Stability and Comfort in Mobile Robot-Pedestrian Interactions

2026-07-20Robotics

Robotics
AI summary

The authors studied how mobile robots with movement limits (called Nonholonomic Mobile Robots) can move around people comfortably in public. They created new algorithms based on social behavior models to help these robots avoid bothering or scaring pedestrians. They showed that their approach is stable and tested it with experiments, where people reported feeling more comfortable around these robots compared to other methods. Their work focuses on making robot navigation safer and more pleasant for people nearby.

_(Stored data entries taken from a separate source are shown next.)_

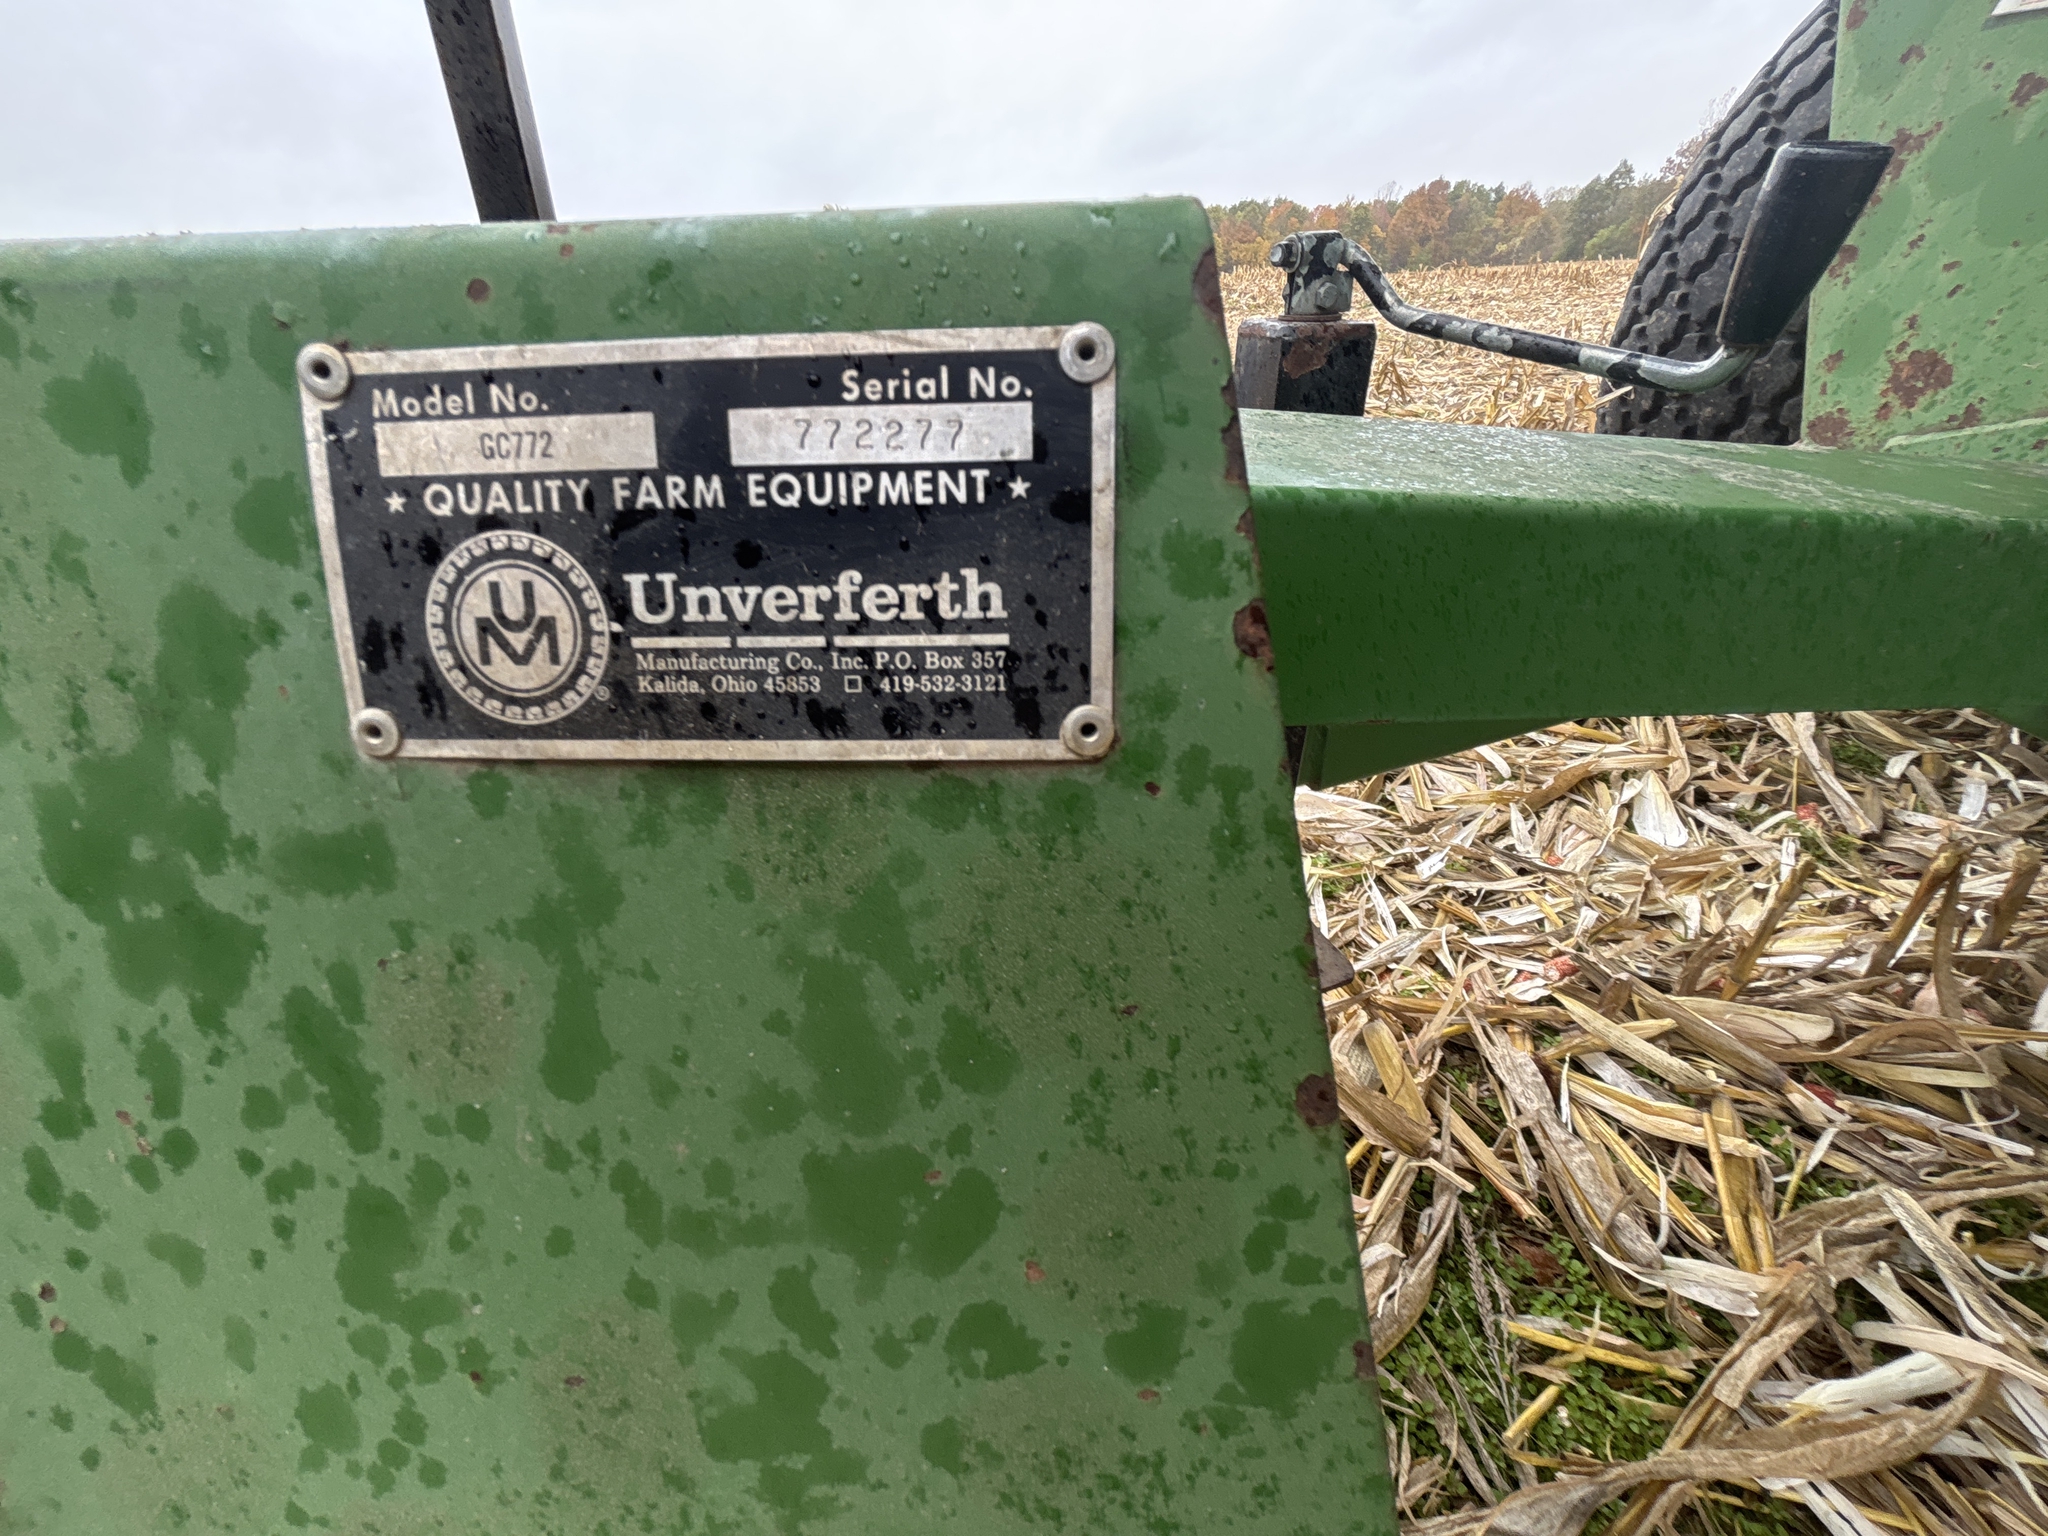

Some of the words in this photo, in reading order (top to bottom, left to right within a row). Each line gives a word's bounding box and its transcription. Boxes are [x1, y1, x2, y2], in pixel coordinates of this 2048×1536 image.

[372, 381, 476, 418] Model
[489, 382, 549, 414] No.
[841, 365, 949, 401] Serial
[968, 366, 1033, 399] No.
[479, 430, 554, 460] GC772
[794, 418, 964, 451] 772277
[423, 477, 590, 517] QUALITY
[611, 473, 726, 511] FARM
[747, 469, 990, 508] EQUIPMENT
[622, 567, 1008, 624] Unverferth
[635, 652, 780, 674] Manufacturing
[785, 651, 824, 672] Co.,
[831, 651, 869, 671] Inc.
[875, 651, 917, 670] P.O.
[924, 651, 965, 670] Box
[971, 651, 1007, 669] 357
[637, 675, 706, 695] Kalida,
[711, 675, 758, 693] Ohio
[763, 675, 821, 693] 45853
[879, 675, 1007, 693] 419-532-3121

Nonholonomic Mobile RobotsSocial Force ModelTime-to-collisionRobot navigationPedestrian comfortDynamic obstaclesStability analysisHuman-robot interactionCost function
Authors
Alireza Jafari, Hong-Son Nguyen, Yen-Chen Liu
Abstract
Mobile robots in public spaces must ensure pedestrians' comfort, and yet empirical studies of walkers' subjective safety are rare. Many classical navigation algorithms do not distinguish the walkers from dynamic obstacles and do not explicitly model subjective human factors. Moreover, most studies focus on holonomic mobile robots, whereas applications demand Nonholonomic Mobile Robots (NMR). This paper develops socially aware algorithms for NMRs, proves the stability, verifies the performance experimentally, and statistically analyzes the reported comfort. We design a framework for NMRs using Social Force Model (SFM) and the projected Time-to-collision Social Force Model (TSFM). We formalize the NMR-pedestrians' and NMR-obstacles' interactions and prove the system's stability, assuming boundedly nonpassive pedestrians. Simulations calibrate the models by maximizing a hybrid cost function of comfort and speed. Pedestrian-robot interaction experiments compare SFM and TSFM to two remote-controlled baselines and collect walkers' reported comfort. Statistical tools analyze survey results collected during the experiments. Benchmarking the algorithms against previous studies highlights the proposed methods' advantage with respect to the studied metrics. Overall, the models are stable and improve pedestrian comfort when an NMR navigates through a pedestrian crowd.